───── Available data
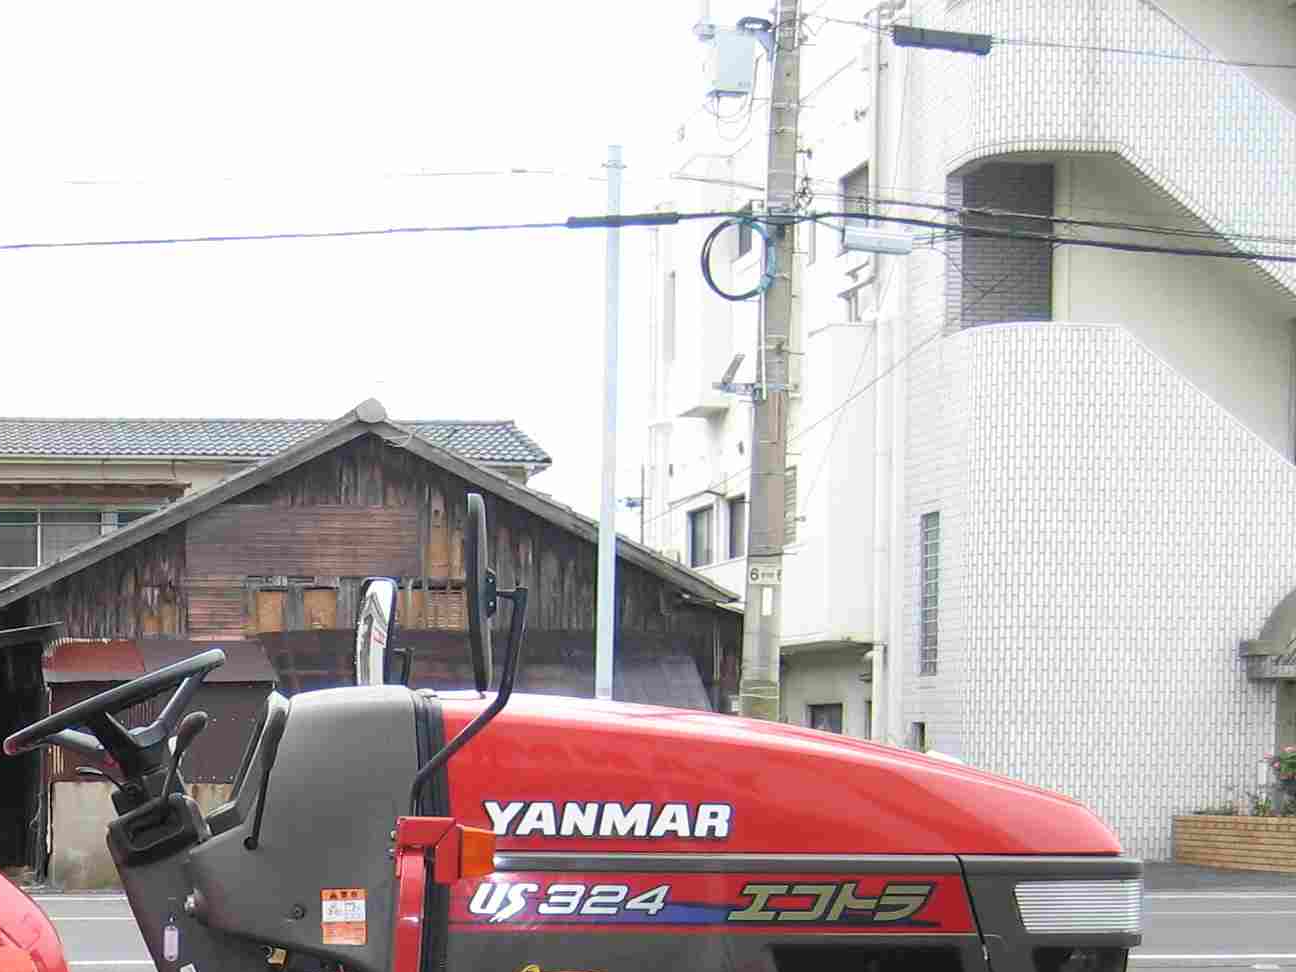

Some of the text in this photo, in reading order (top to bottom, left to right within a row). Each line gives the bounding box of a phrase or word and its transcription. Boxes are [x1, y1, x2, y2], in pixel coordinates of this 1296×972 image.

[483, 801, 731, 838] YANMAR
[727, 883, 932, 922] エコトラ
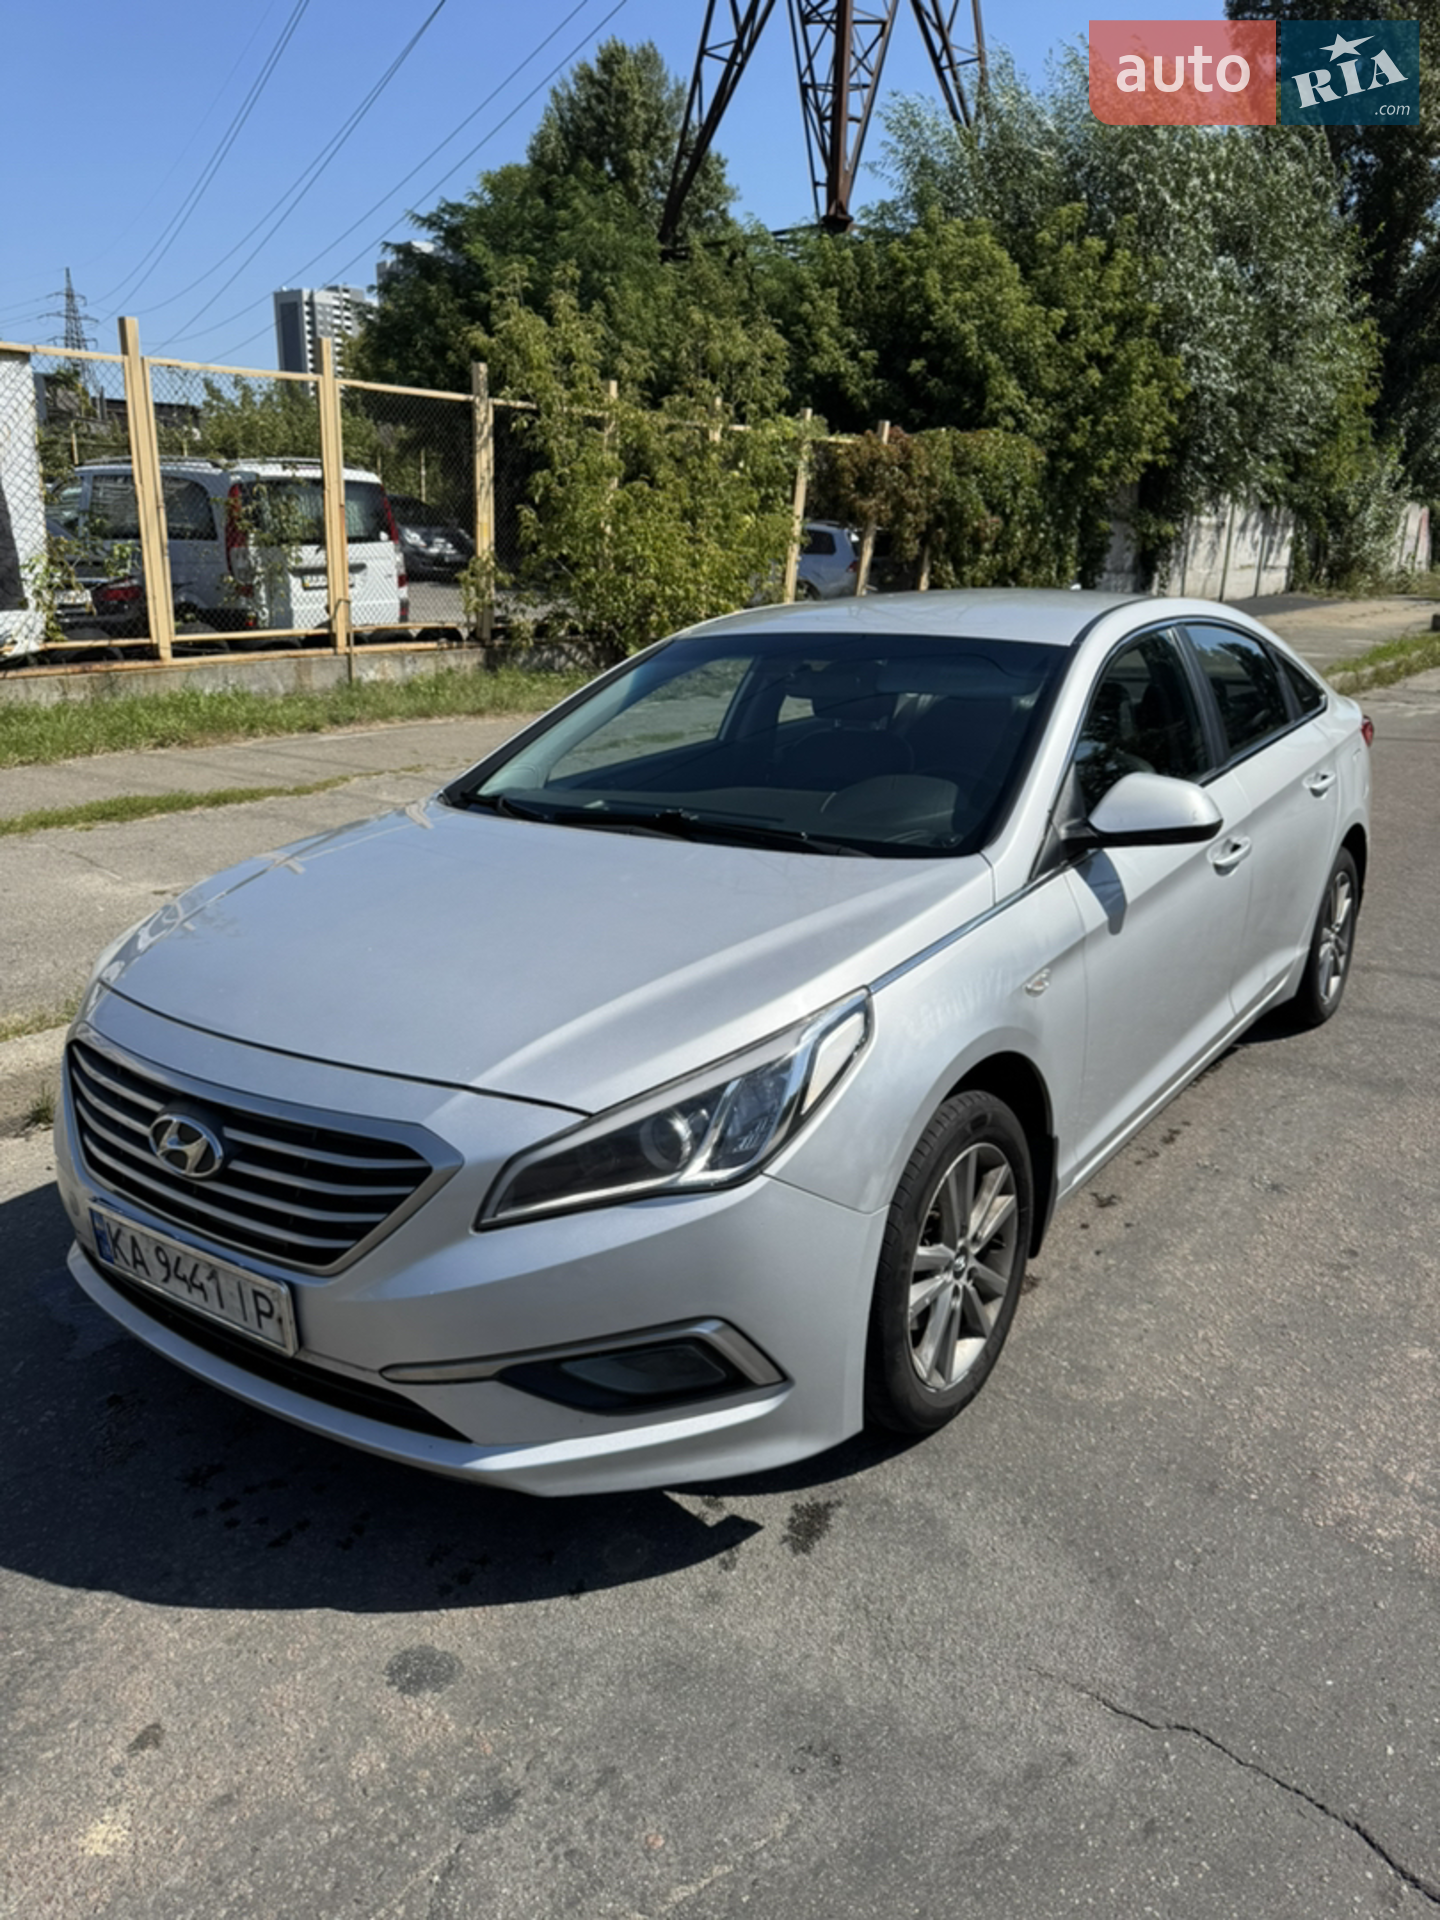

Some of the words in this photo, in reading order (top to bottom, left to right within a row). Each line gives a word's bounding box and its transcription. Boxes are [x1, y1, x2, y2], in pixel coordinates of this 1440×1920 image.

[106, 1221, 150, 1276] KA
[155, 1246, 225, 1310] 9441
[237, 1280, 275, 1330] IP
──────────
> Exercise description
When you write out the material, reproduce each line exactly and omit any picture it holds.

> Worked solution
Some of the text in this photo, in reading order (top to bottom, left to right within a row). Each line gives the bounding box of a phrase or word and its transcription. Boxes are [x1, y1, x2, y2], in pixel coordinates of this 1296×972 image.

[483, 801, 731, 838] YANMAR
[727, 883, 932, 922] エコトラ

Some of the words in this photo, in reading order (top to bottom, left to right within a row). Each line gives a word's bounding box and its transcription. Boxes are [x1, y1, x2, y2], in pixel coordinates of this 1440×1920 image.

[106, 1221, 150, 1276] KA
[155, 1246, 225, 1310] 9441
[237, 1280, 275, 1330] IP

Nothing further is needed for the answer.